Top of Records supplied

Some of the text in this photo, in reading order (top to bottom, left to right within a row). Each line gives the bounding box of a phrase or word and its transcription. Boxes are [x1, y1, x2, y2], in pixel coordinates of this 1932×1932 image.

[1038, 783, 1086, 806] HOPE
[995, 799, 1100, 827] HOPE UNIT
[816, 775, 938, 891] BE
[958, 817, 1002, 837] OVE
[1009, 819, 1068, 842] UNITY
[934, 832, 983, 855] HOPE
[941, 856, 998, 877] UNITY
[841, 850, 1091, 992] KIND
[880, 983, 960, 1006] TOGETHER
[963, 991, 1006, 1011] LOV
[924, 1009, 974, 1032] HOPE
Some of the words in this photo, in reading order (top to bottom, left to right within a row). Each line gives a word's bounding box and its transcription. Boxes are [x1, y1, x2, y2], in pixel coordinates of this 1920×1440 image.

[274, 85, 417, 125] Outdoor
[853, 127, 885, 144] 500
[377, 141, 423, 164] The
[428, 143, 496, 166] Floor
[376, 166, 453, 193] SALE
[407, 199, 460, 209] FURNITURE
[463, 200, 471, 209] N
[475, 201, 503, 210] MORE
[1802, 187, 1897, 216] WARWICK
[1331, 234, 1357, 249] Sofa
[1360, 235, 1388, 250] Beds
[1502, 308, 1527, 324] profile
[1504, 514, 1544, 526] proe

Bottom of Records supplied

Each line shown above needs to be transcribed exactly.

Some of the text in this photo, in reading order (top to bottom, left to right within a row). Each line gives the bounding box of a phrase or word and its transcription. Boxes are [x1, y1, x2, y2], in pixel coordinates of this 1932×1932 image.

[1038, 783, 1086, 806] HOPE
[995, 799, 1100, 827] HOPE UNIT
[816, 775, 938, 891] BE
[958, 817, 1002, 837] OVE
[1009, 819, 1068, 842] UNITY
[934, 832, 983, 855] HOPE
[941, 856, 998, 877] UNITY
[841, 850, 1091, 992] KIND
[880, 983, 960, 1006] TOGETHER
[963, 991, 1006, 1011] LOV
[924, 1009, 974, 1032] HOPE
Some of the words in this photo, in reading order (top to bottom, left to right within a row). Each line gives a word's bounding box and its transcription. Boxes are [x1, y1, x2, y2], in pixel coordinates of this 1920×1440 image.

[274, 85, 417, 125] Outdoor
[853, 127, 885, 144] 500
[377, 141, 423, 164] The
[428, 143, 496, 166] Floor
[376, 166, 453, 193] SALE
[407, 199, 460, 209] FURNITURE
[463, 200, 471, 209] N
[475, 201, 503, 210] MORE
[1802, 187, 1897, 216] WARWICK
[1331, 234, 1357, 249] Sofa
[1360, 235, 1388, 250] Beds
[1502, 308, 1527, 324] profile
[1504, 514, 1544, 526] proe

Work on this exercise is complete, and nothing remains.